**ACTIVITY:** When you reach the line with "this 1344×1512 image." in the listing below, write out that line and every one after it exactly, and skip the pictures.

+-------+

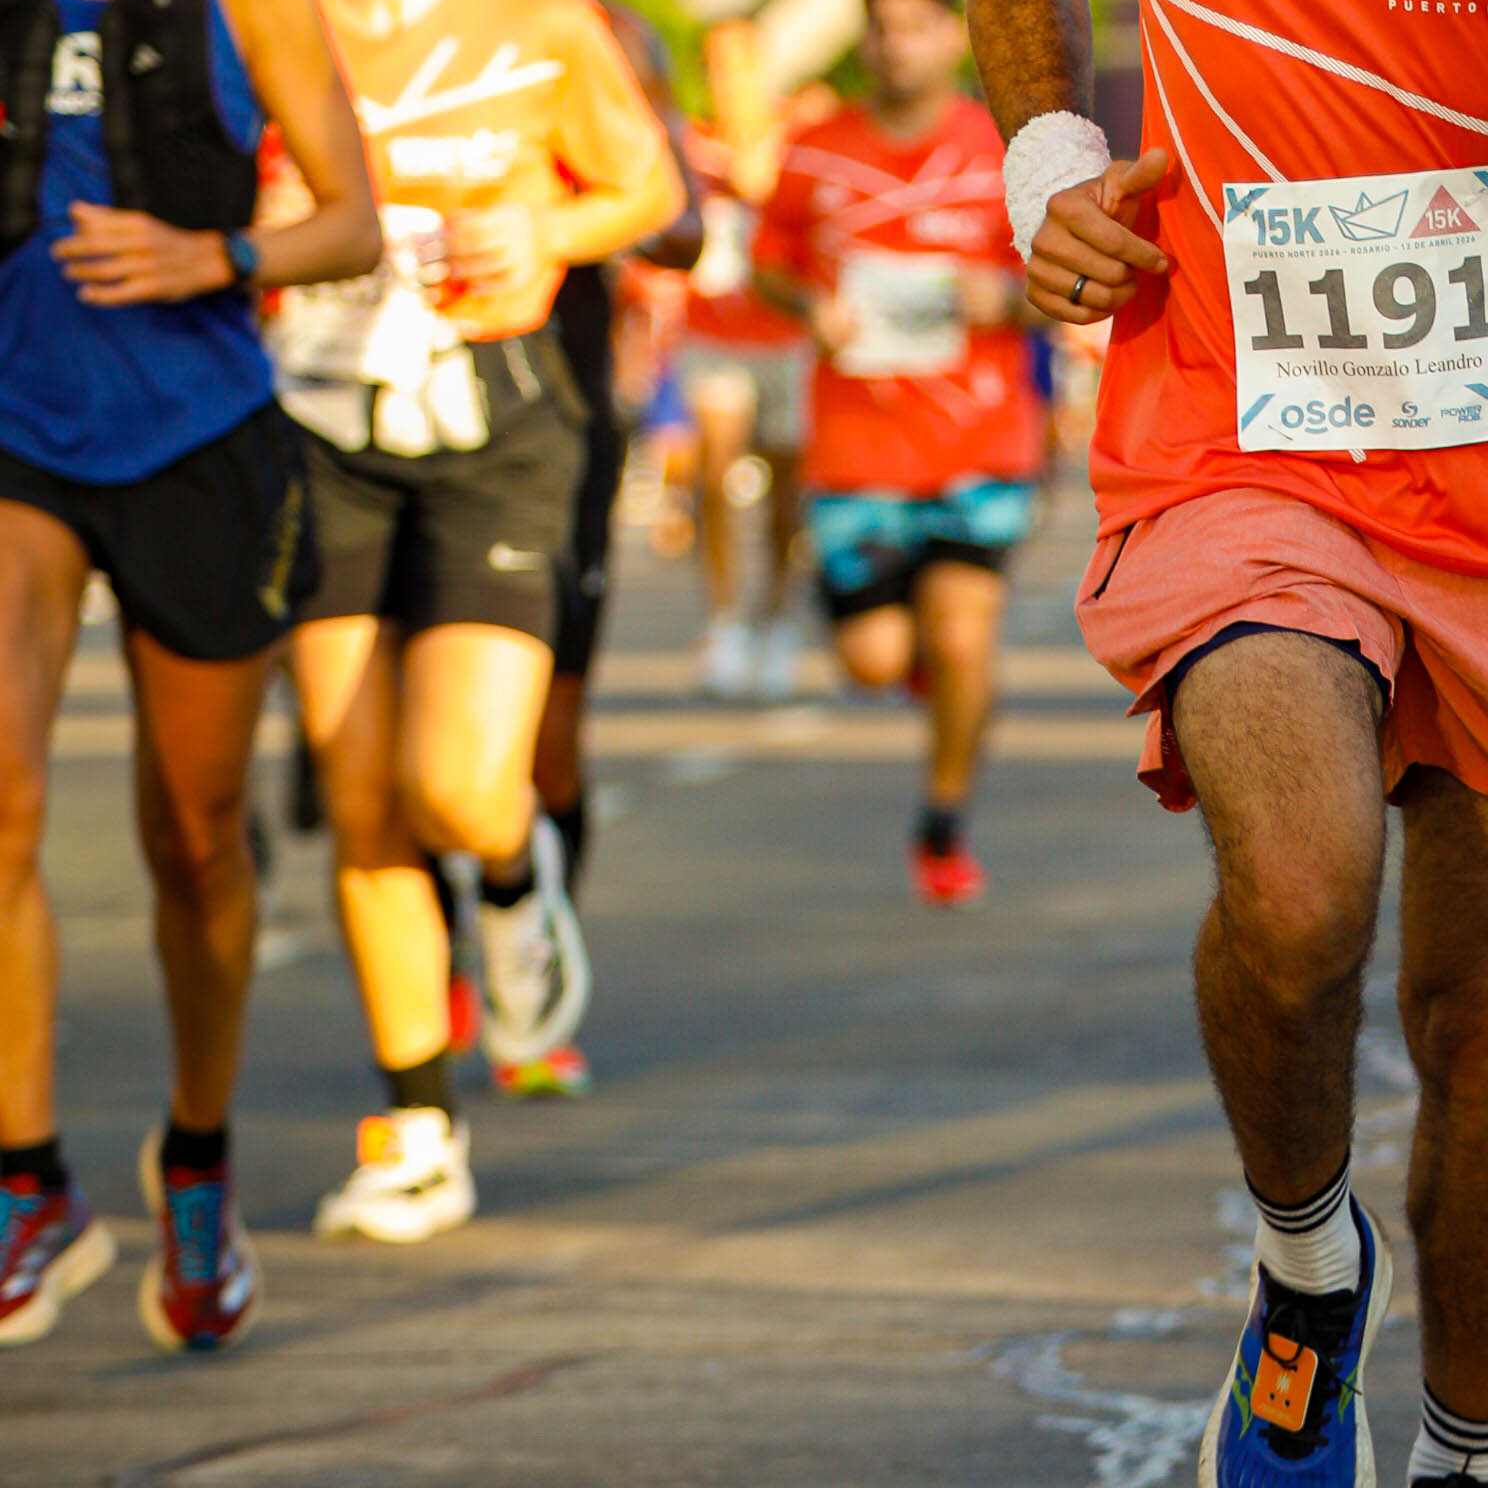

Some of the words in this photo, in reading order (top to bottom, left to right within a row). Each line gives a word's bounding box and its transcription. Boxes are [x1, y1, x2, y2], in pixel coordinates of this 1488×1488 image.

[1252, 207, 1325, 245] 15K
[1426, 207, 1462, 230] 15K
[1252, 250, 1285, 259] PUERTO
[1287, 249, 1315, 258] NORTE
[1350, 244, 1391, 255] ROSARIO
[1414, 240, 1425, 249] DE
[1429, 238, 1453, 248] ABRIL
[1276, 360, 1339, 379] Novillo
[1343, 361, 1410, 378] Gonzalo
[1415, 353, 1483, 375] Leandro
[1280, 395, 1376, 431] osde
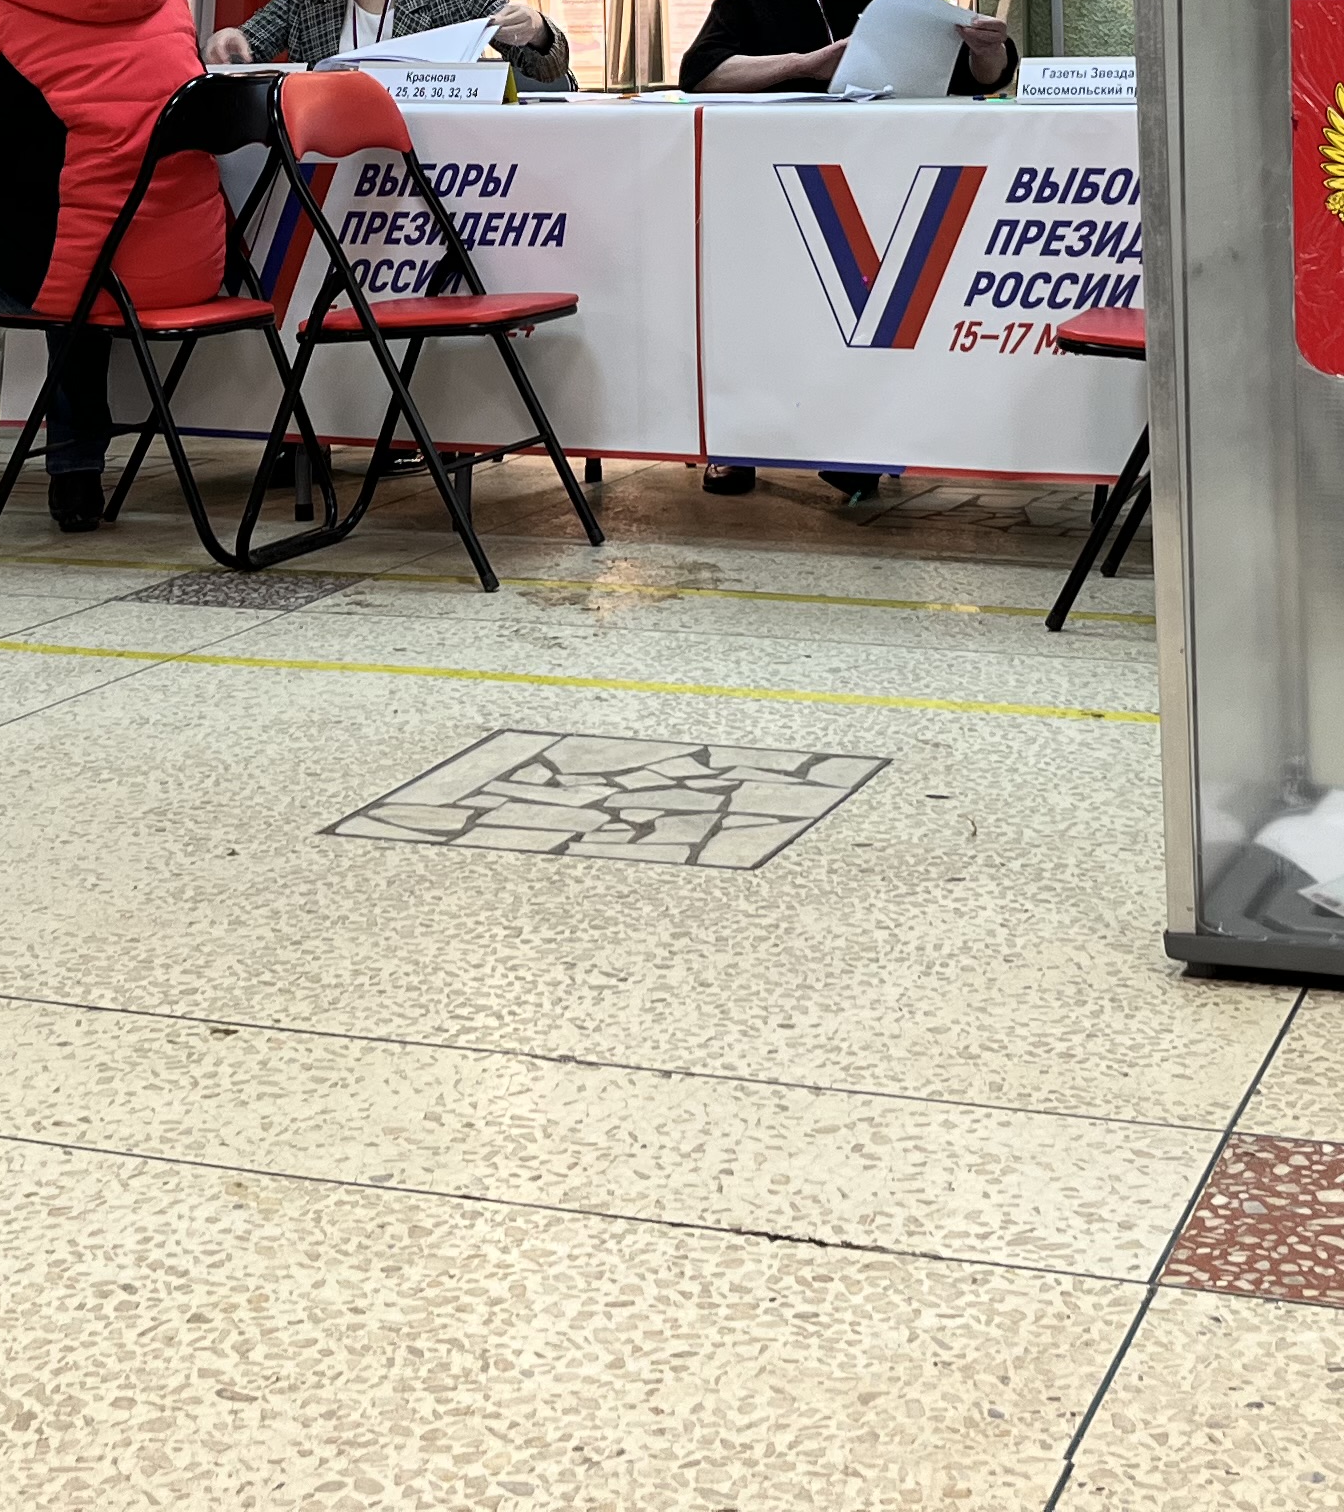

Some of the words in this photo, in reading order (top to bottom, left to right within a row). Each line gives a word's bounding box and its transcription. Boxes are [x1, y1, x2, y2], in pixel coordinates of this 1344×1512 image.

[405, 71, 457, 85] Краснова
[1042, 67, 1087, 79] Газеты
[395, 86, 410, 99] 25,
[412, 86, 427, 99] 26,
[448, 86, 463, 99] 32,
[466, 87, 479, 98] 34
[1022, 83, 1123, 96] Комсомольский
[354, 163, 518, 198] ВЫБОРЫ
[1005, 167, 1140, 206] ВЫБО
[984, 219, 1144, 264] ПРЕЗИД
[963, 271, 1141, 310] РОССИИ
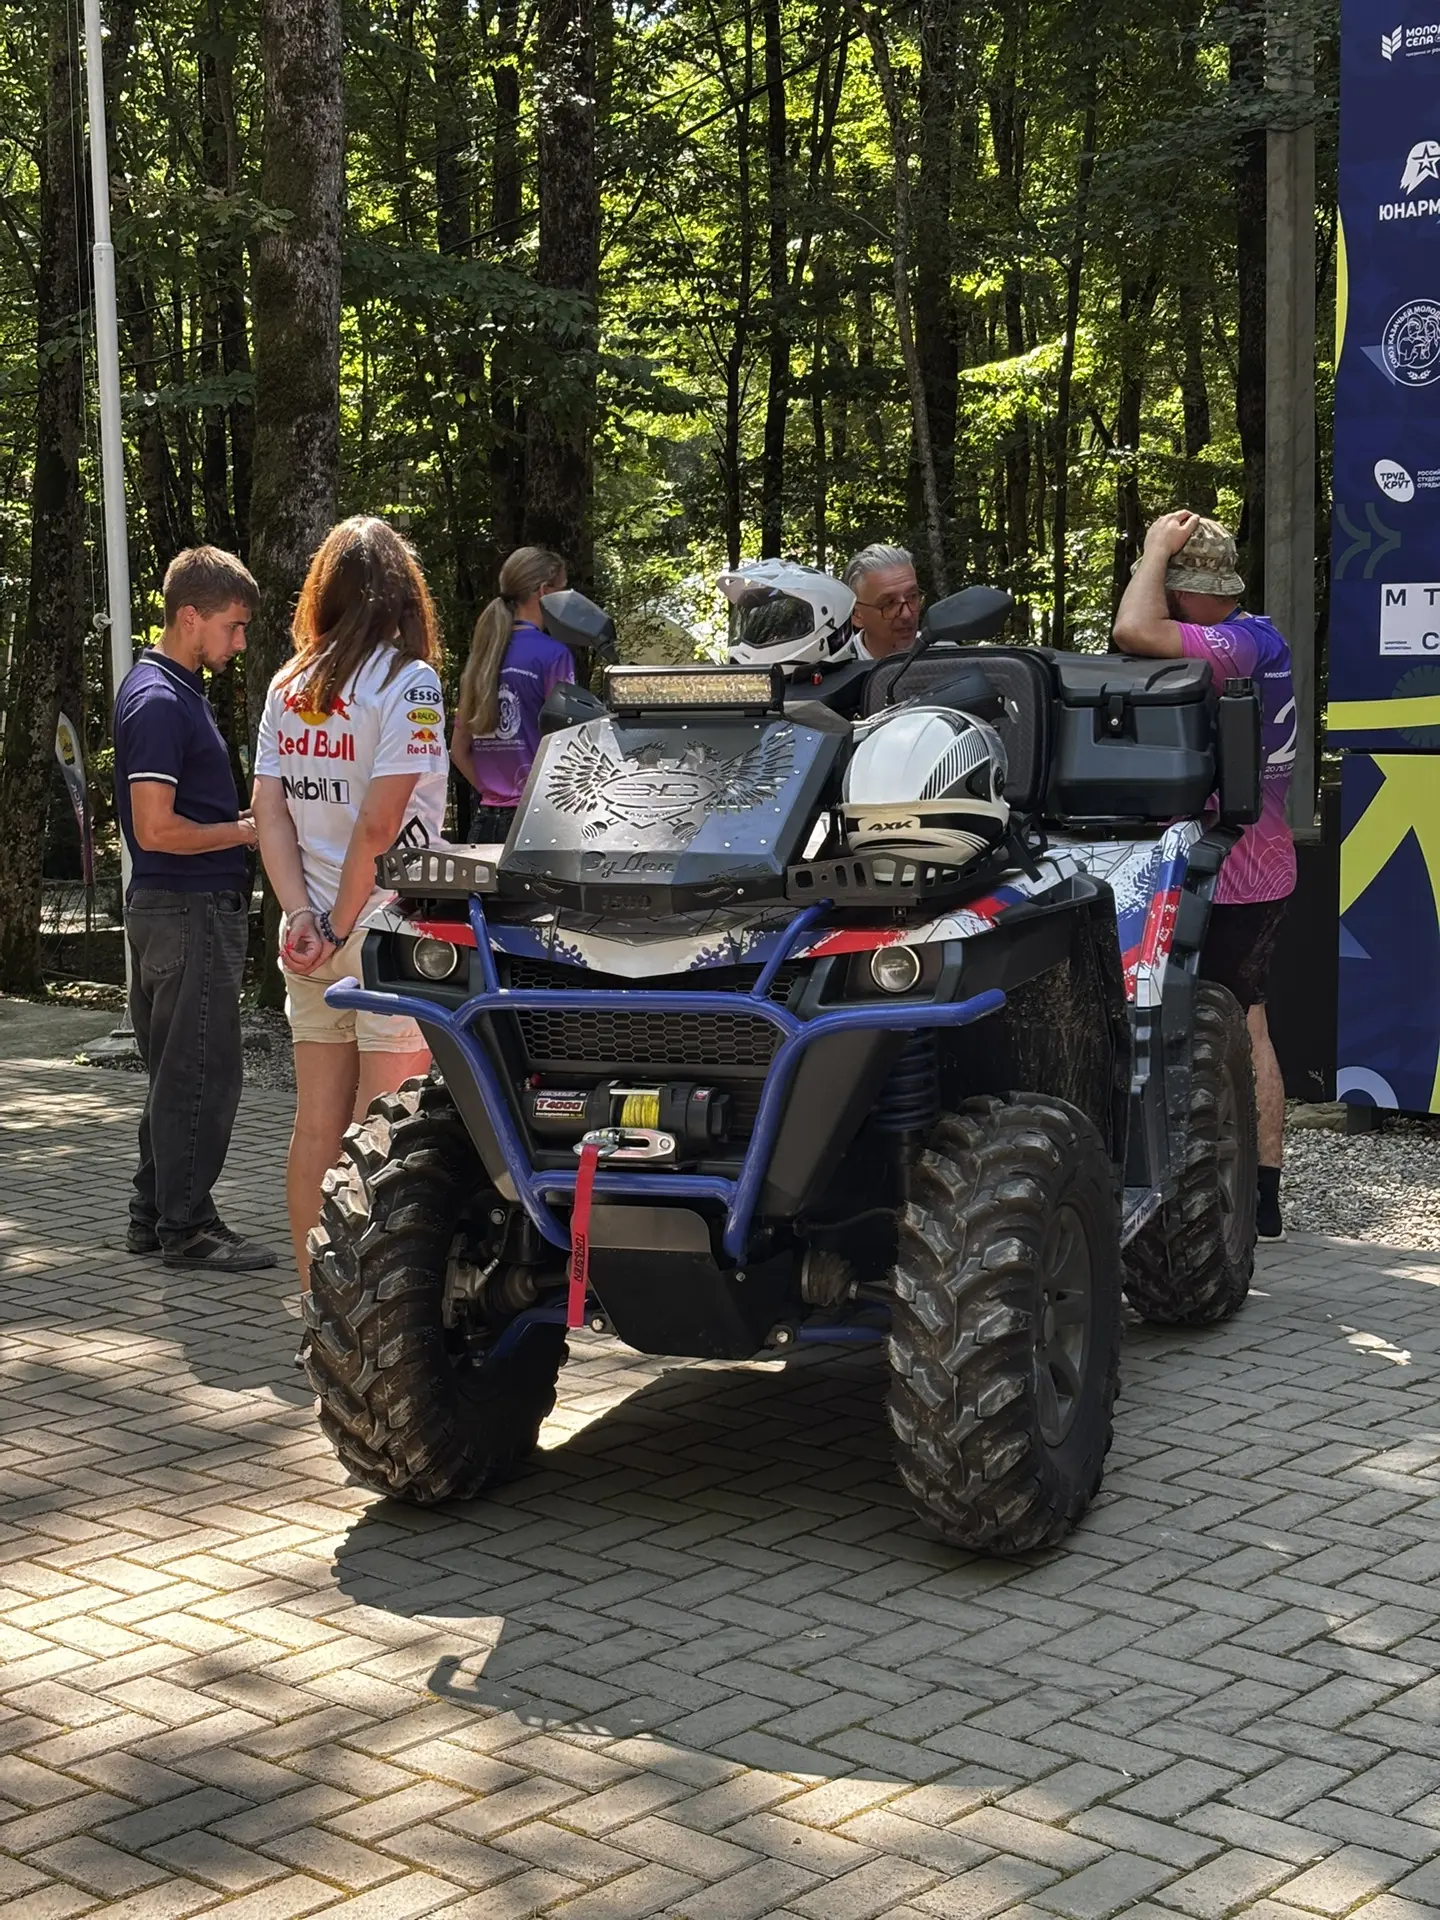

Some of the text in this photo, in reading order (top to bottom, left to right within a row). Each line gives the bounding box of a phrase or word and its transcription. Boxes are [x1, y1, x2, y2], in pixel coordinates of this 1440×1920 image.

+-------+

**REPLY TO THE TASK:**
Some of the words in this photo, in reading order (top to bottom, left to right within a row). Each line gives a word's bounding box and its transcription. Boxes are [x1, y1, x2, y2], in pixel coordinates of this 1344×1512 image.

[405, 71, 457, 85] Краснова
[1042, 67, 1087, 79] Газеты
[395, 86, 410, 99] 25,
[412, 86, 427, 99] 26,
[448, 86, 463, 99] 32,
[466, 87, 479, 98] 34
[1022, 83, 1123, 96] Комсомольский
[354, 163, 518, 198] ВЫБОРЫ
[1005, 167, 1140, 206] ВЫБО
[984, 219, 1144, 264] ПРЕЗИД
[963, 271, 1141, 310] РОССИИ

Some of the text in this photo, in reading order (top to bottom, left to right within a row). Each line gives the bounding box of a phrase or word and its transcription. Boxes are [x1, y1, x2, y2], in pixel coordinates of this 1440×1920 image.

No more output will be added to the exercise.